⟨
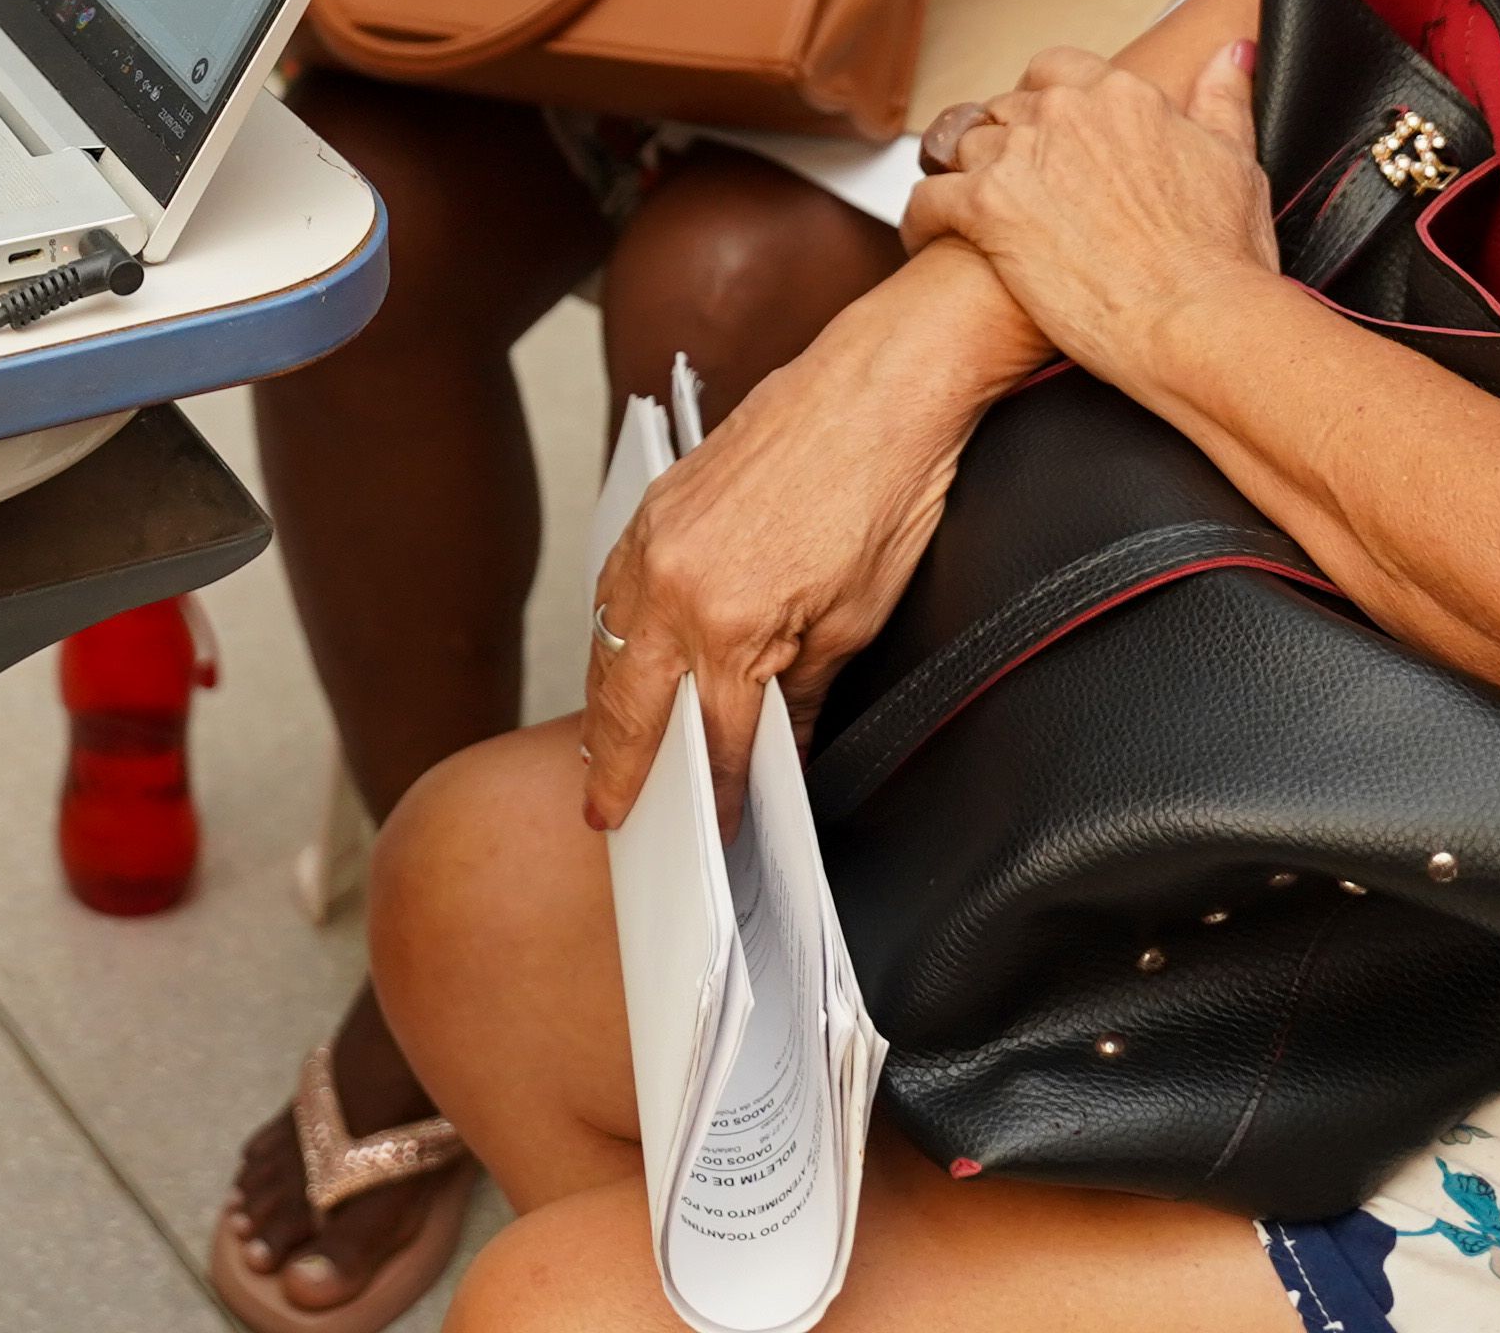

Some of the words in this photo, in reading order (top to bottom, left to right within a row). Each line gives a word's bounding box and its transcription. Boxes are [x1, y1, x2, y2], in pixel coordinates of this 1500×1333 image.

[733, 1098, 775, 1126] DADOS
[711, 1119, 729, 1128] DA
[702, 1156, 723, 1167] DO
[727, 1143, 773, 1166] DADOS
[740, 1140, 798, 1184] BOLETIM
[712, 1175, 736, 1187] DE
[727, 1167, 806, 1219] ATENDIMENTO
[703, 1206, 724, 1218] DA
[680, 1213, 757, 1241] TOCANTINS
[760, 1222, 780, 1237] DO
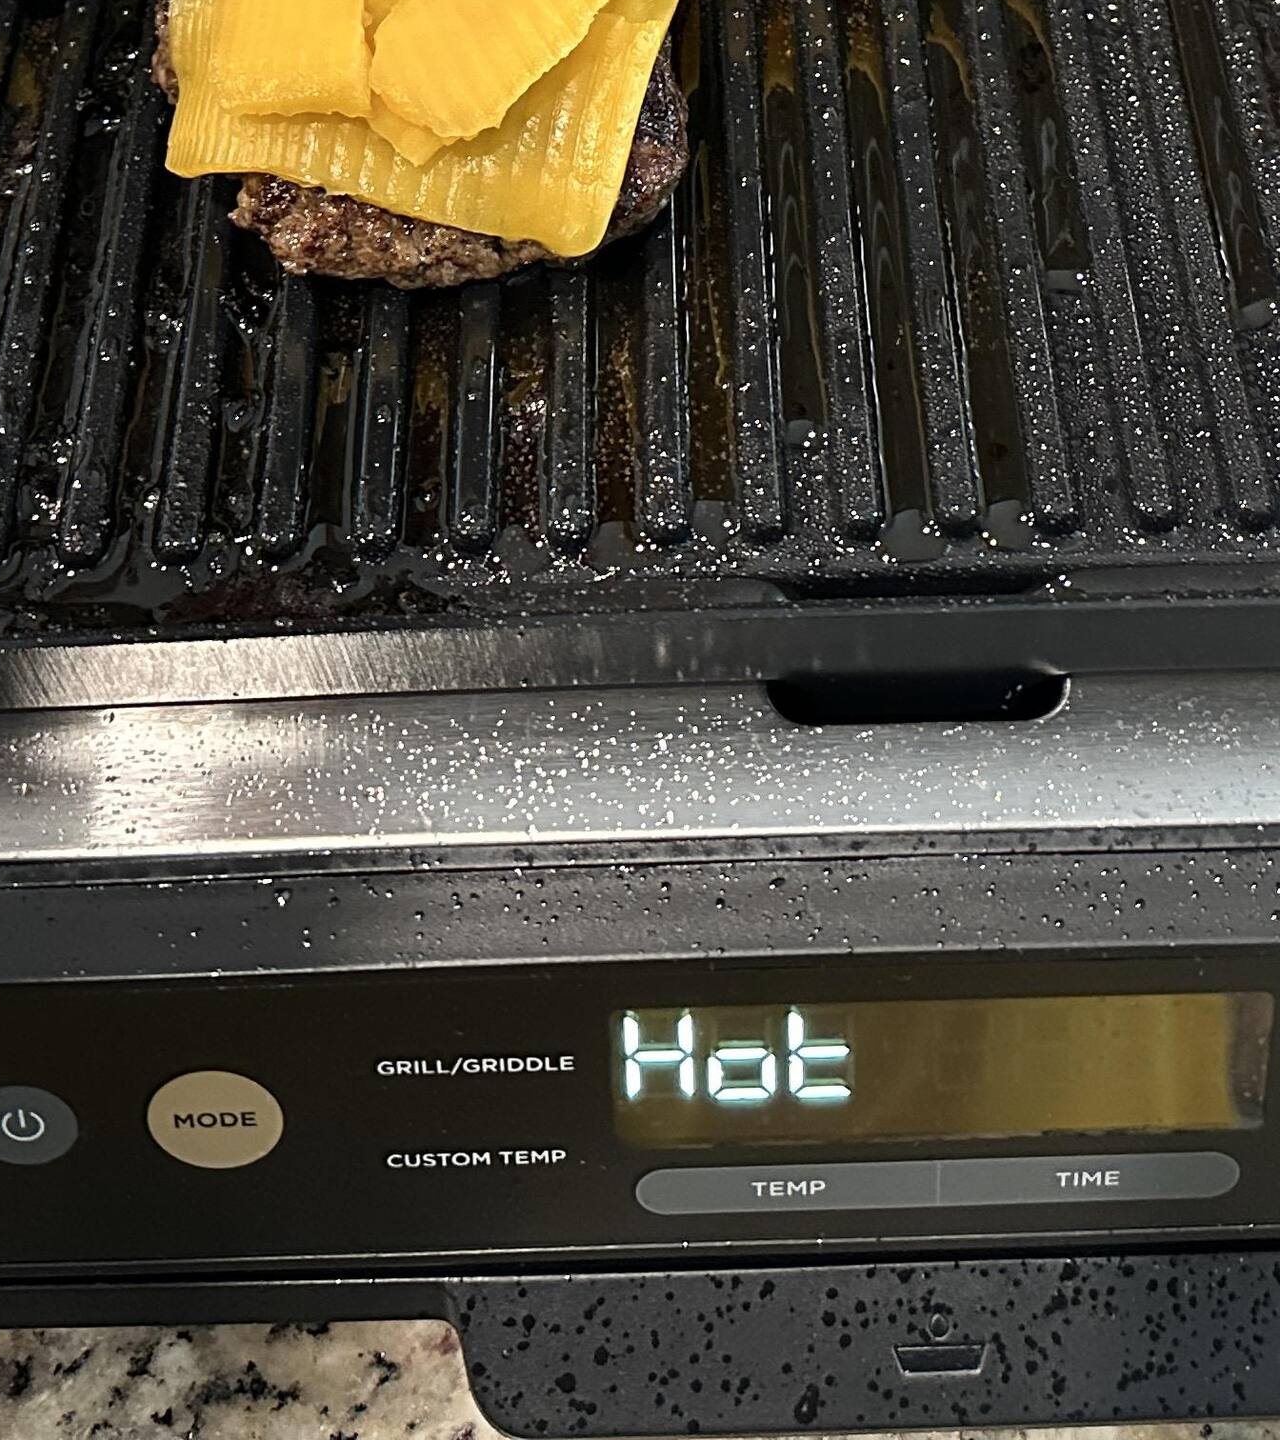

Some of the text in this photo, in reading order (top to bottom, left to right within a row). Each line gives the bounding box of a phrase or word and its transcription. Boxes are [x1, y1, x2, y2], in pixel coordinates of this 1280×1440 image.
⟩
How to complete this task: Print each entry precisely as written; the pictures stay out.

Response box:
Some of the words in this photo, in reading order (top to bottom, left to right within a row). Each line gives a word's bounding box and its transcription. Boxes are [x1, y1, x2, y2], in pixel coordinates of this 1500×1333 image.

[733, 1098, 775, 1126] DADOS
[711, 1119, 729, 1128] DA
[702, 1156, 723, 1167] DO
[727, 1143, 773, 1166] DADOS
[740, 1140, 798, 1184] BOLETIM
[712, 1175, 736, 1187] DE
[727, 1167, 806, 1219] ATENDIMENTO
[703, 1206, 724, 1218] DA
[680, 1213, 757, 1241] TOCANTINS
[760, 1222, 780, 1237] DO

Some of the text in this photo, in reading order (top to bottom, left to right within a row). Each line gives the bounding box of a phrase or word and its transcription. Boxes are [x1, y1, x2, y2], in pixel coordinates of this 1280×1440 image.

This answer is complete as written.